[Stored entries]
== == ==

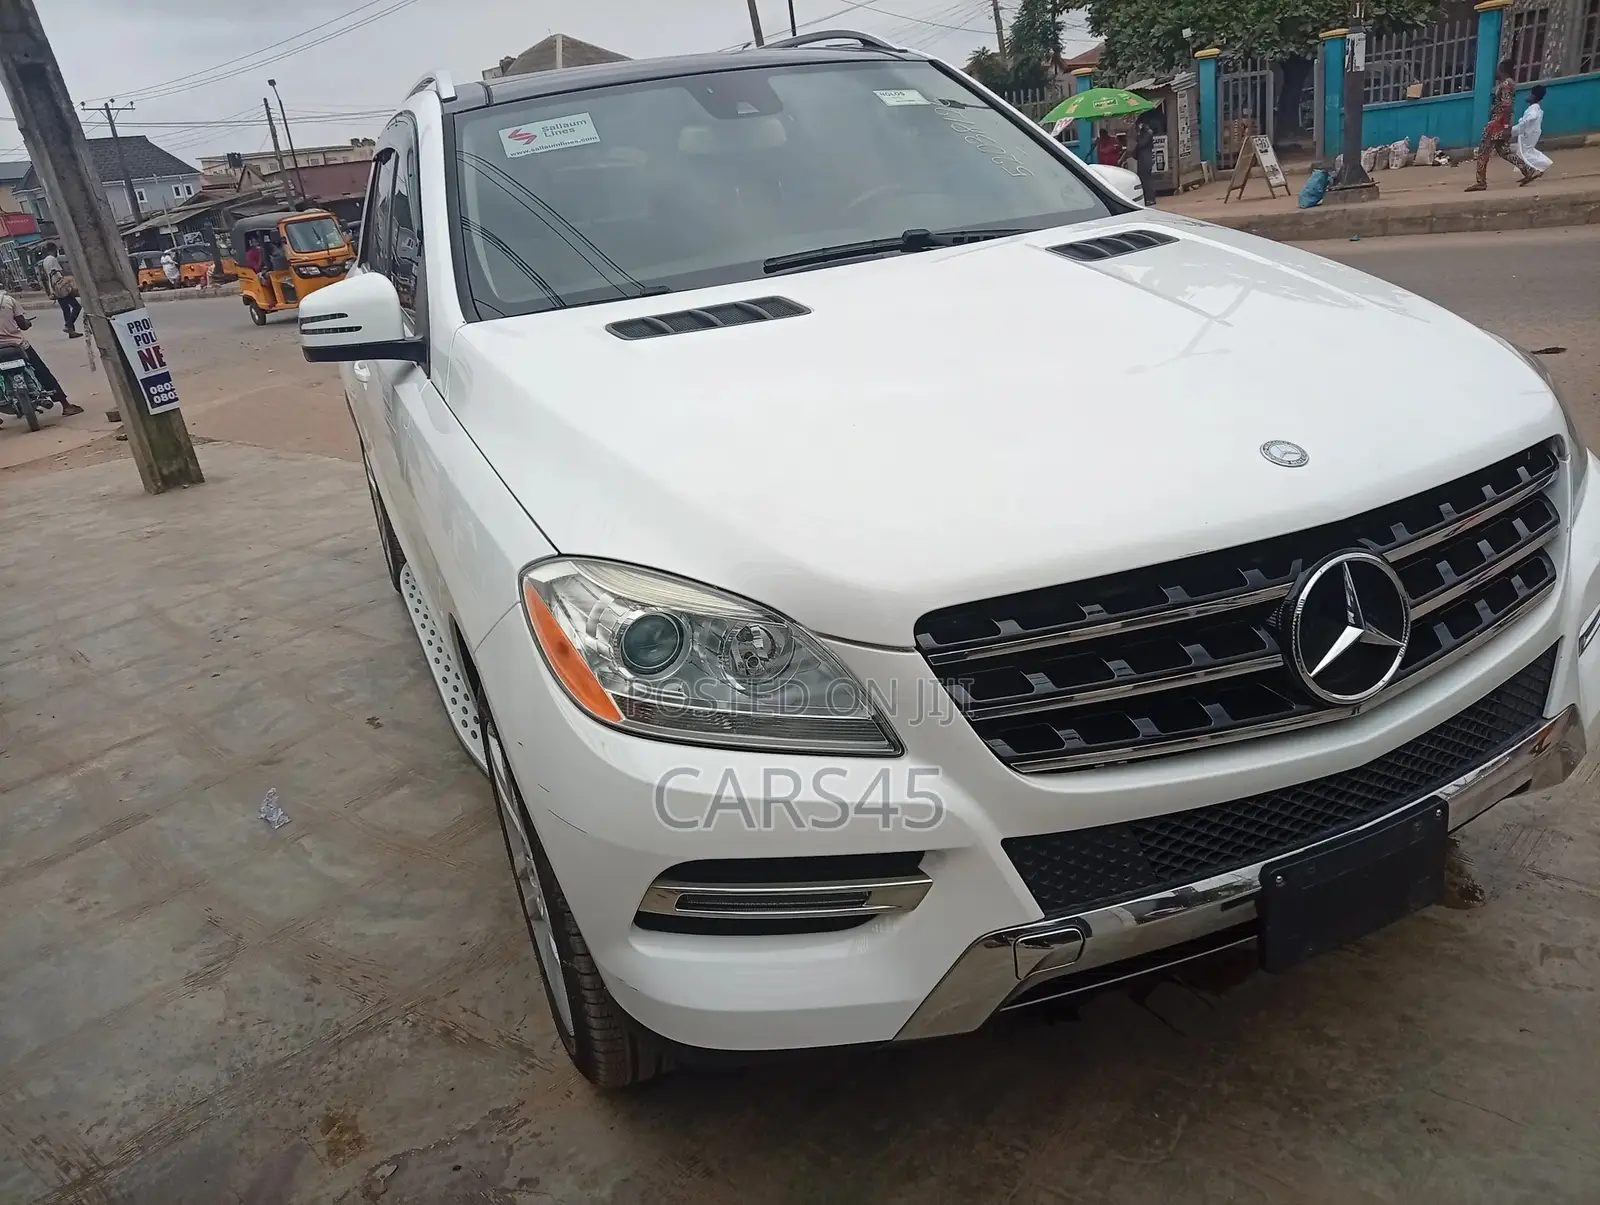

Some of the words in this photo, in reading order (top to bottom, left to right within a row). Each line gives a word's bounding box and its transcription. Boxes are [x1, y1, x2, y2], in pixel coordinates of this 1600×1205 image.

[541, 119, 587, 133] Sallaum
[544, 127, 576, 138] Lines
[510, 136, 598, 157] www.sallaumlines.com
[126, 317, 153, 334] PRO
[133, 331, 157, 347] POL
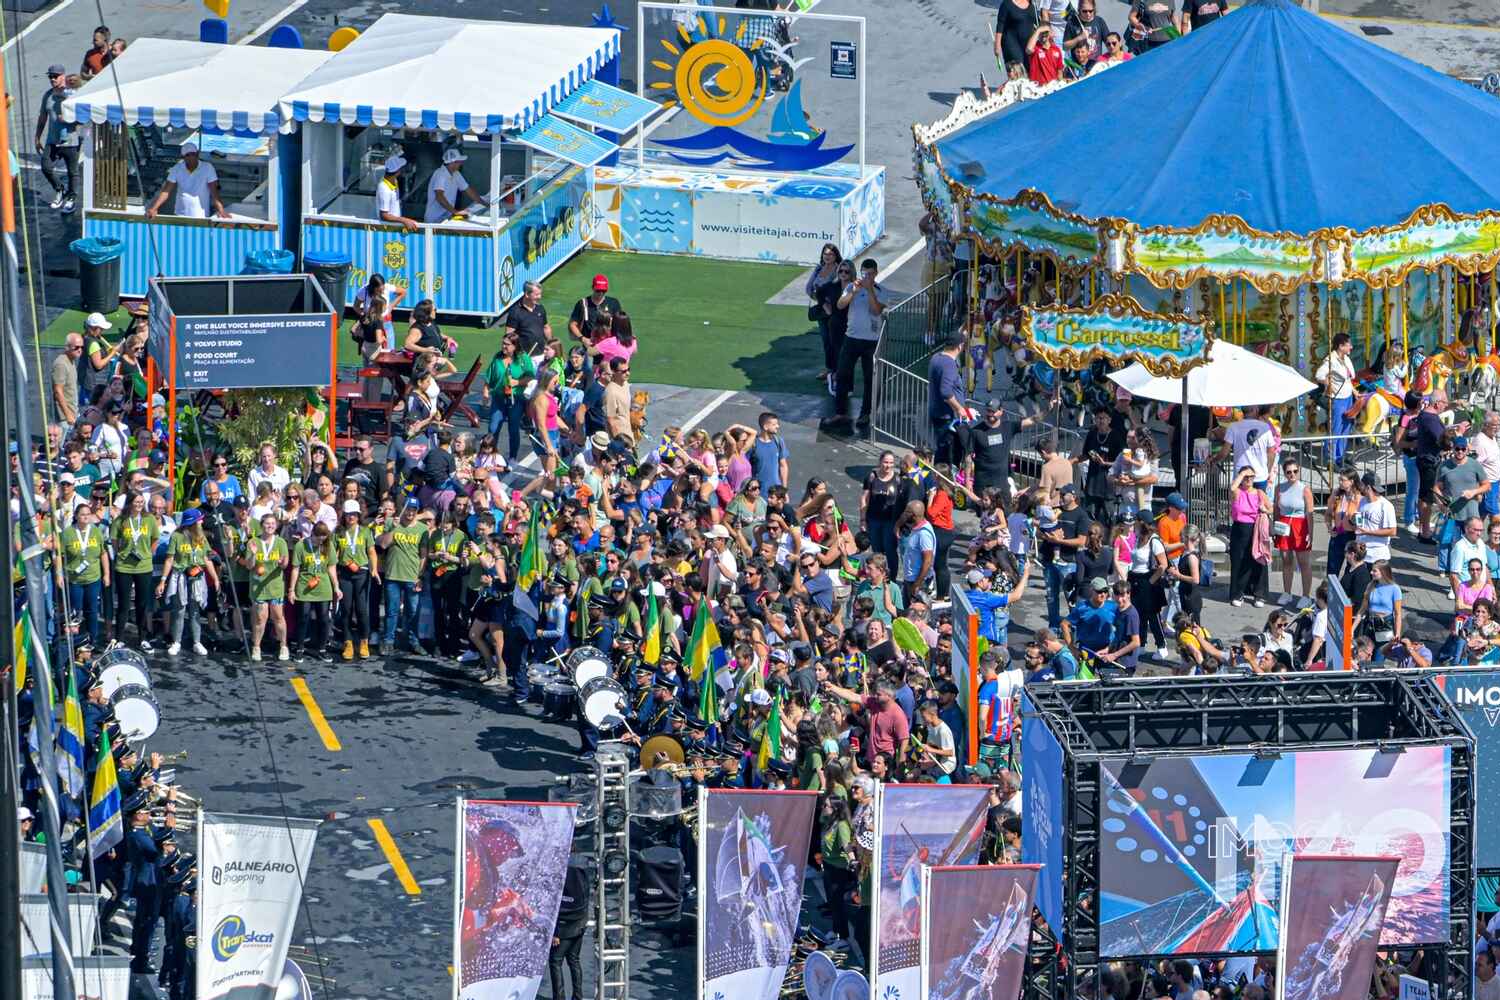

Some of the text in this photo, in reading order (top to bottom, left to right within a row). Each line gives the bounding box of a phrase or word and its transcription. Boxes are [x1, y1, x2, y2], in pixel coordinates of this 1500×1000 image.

[700, 222, 835, 242] www.visiteitajai.com.br
[1056, 319, 1181, 349] Carrossel
[223, 860, 295, 875] BALNEÁRIO
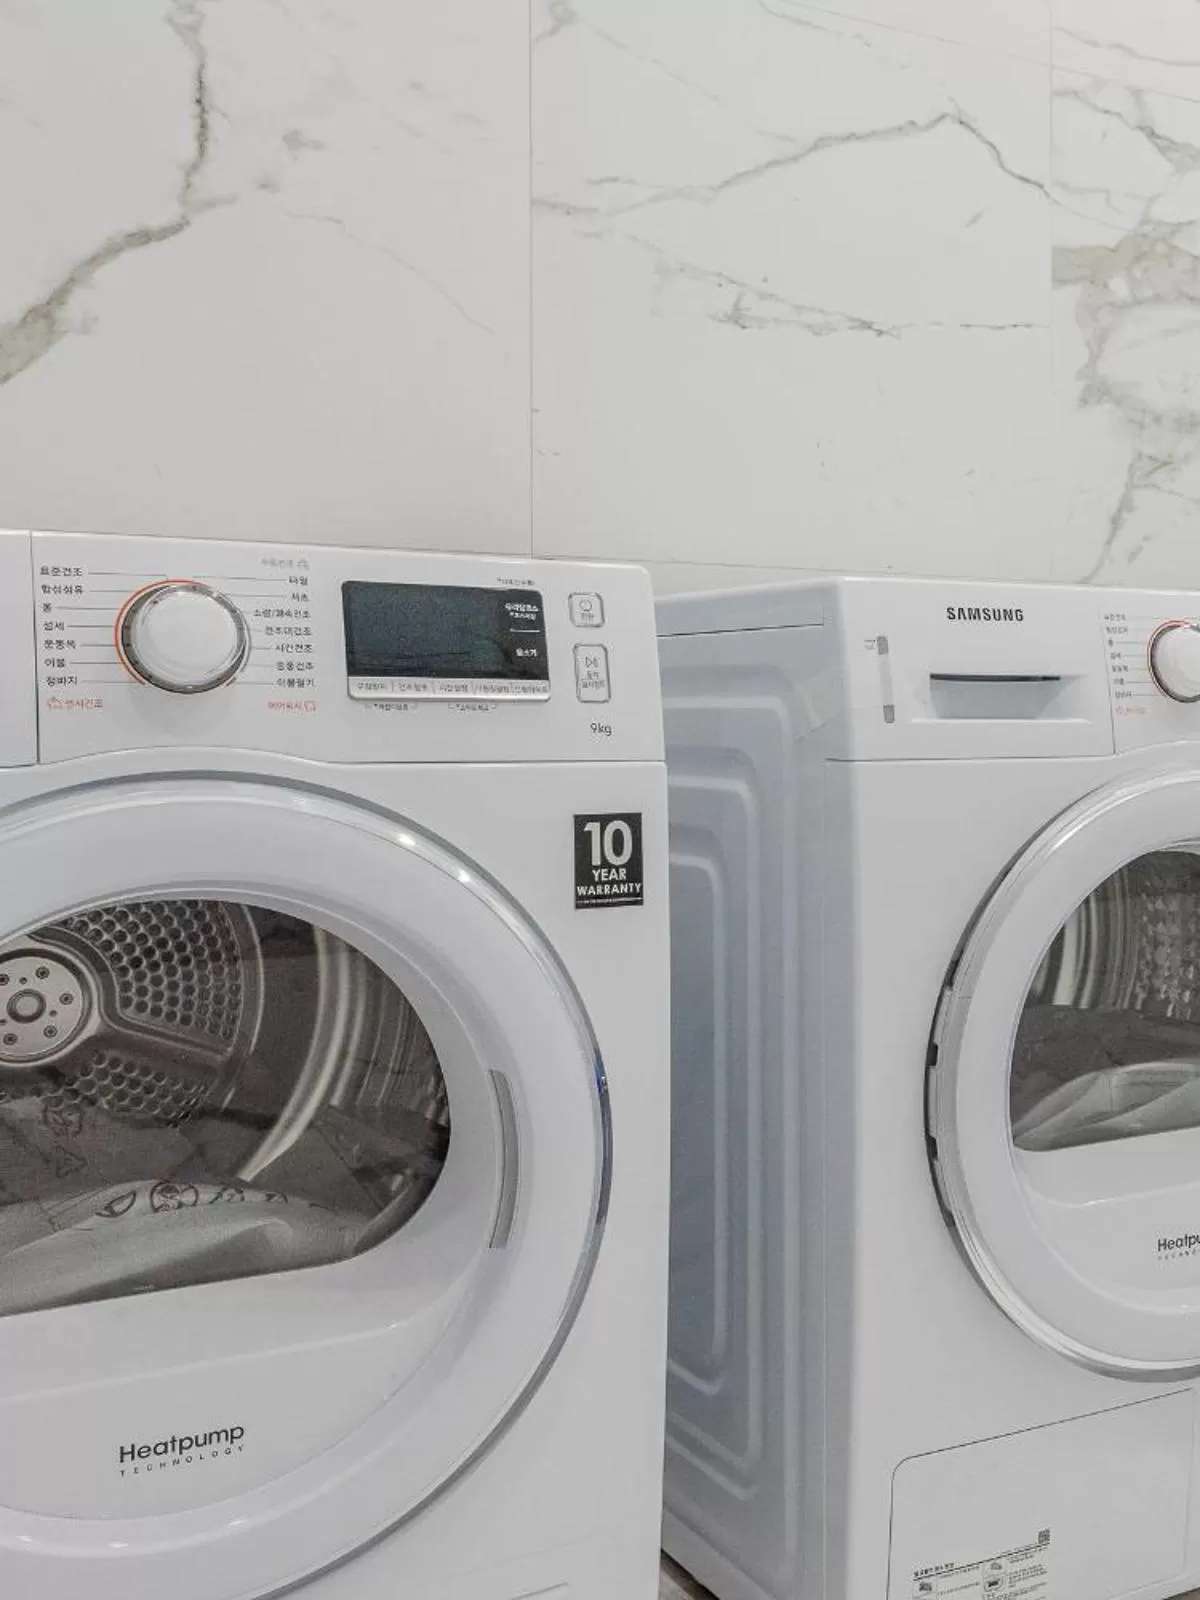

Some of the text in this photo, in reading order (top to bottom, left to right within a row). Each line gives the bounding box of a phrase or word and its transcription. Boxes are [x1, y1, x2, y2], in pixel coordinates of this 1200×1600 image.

[946, 606, 1024, 622] SAMSUNG
[590, 723, 612, 736] 9kg
[583, 820, 633, 866] 10
[592, 868, 627, 881] YEAR
[577, 883, 641, 896] WARRANTY
[119, 1426, 245, 1463] Heatpump
[119, 1444, 244, 1478] TECHNOLOGY
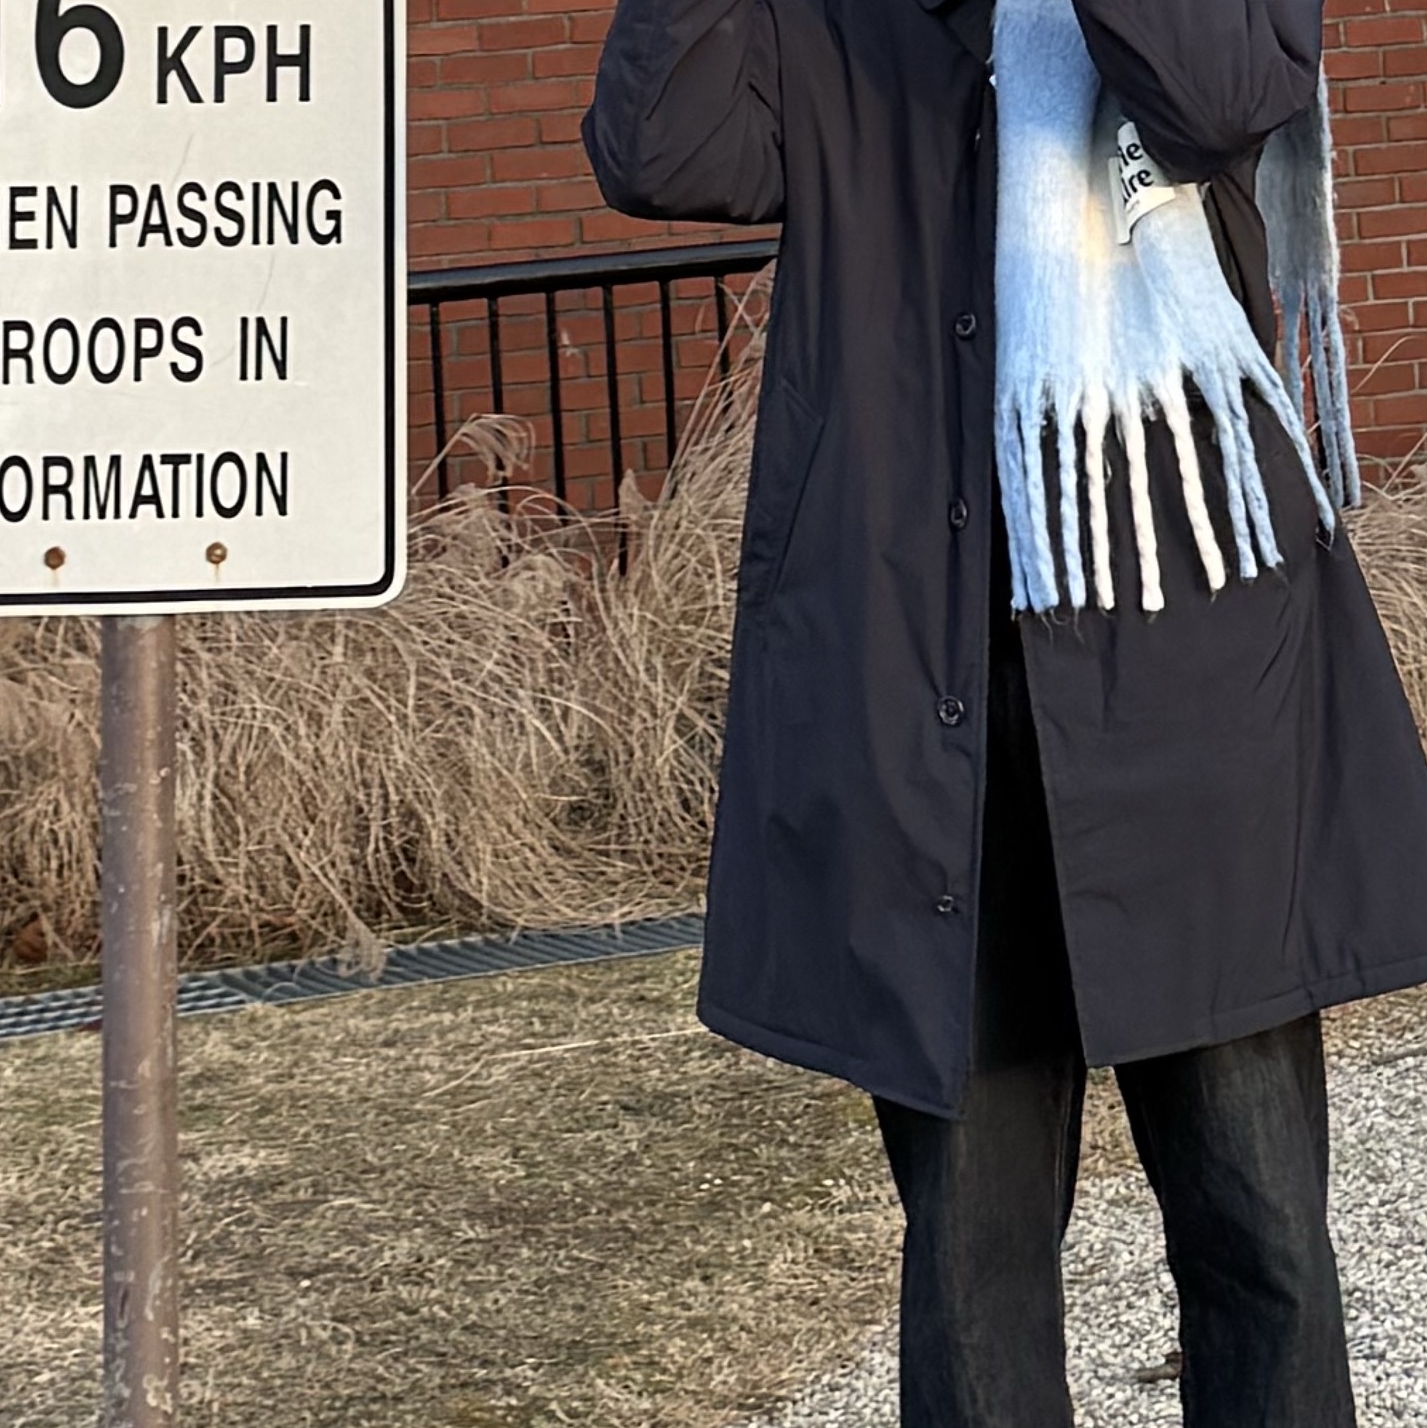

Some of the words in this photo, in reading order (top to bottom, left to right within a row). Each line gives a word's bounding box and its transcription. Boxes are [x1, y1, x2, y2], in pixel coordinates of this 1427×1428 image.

[157, 24, 310, 104] KPH
[109, 179, 341, 247] PASSING
[240, 316, 287, 381] IN

== == ==

• [WHAT THE TASK ASKS]: The reply should repeat the data in full, exactly as given, and contain no pictures.

• [RESPONSE BELOW]:
Some of the words in this photo, in reading order (top to bottom, left to right within a row). Each line gives a word's bounding box and its transcription. Boxes are [x1, y1, x2, y2], in pixel coordinates of this 1600×1205 image.

[541, 119, 587, 133] Sallaum
[544, 127, 576, 138] Lines
[510, 136, 598, 157] www.sallaumlines.com
[126, 317, 153, 334] PRO
[133, 331, 157, 347] POL

Some of the text in this photo, in reading order (top to bottom, left to right within a row). Each line gives the bounding box of a phrase or word and its transcription. Boxes are [x1, y1, x2, y2], in pixel coordinates of this 1500×1000 image.

[700, 222, 835, 242] www.visiteitajai.com.br
[1056, 319, 1181, 349] Carrossel
[223, 860, 295, 875] BALNEÁRIO

Some of the text in this photo, in reading order (top to bottom, left to right within a row). Each line gives the bounding box of a phrase or word and its transcription. Boxes are [x1, y1, x2, y2], in pixel coordinates of this 1200×1600 image.

[946, 606, 1024, 622] SAMSUNG
[590, 723, 612, 736] 9kg
[583, 820, 633, 866] 10
[592, 868, 627, 881] YEAR
[577, 883, 641, 896] WARRANTY
[119, 1426, 245, 1463] Heatpump
[119, 1444, 244, 1478] TECHNOLOGY

Some of the words in this photo, in reading order (top to bottom, left to right within a row). Each line gives a word's bounding box and its transcription. Boxes are [x1, y1, x2, y2], in pixel coordinates of this 1427×1428 image.

[157, 24, 310, 104] KPH
[109, 179, 341, 247] PASSING
[240, 316, 287, 381] IN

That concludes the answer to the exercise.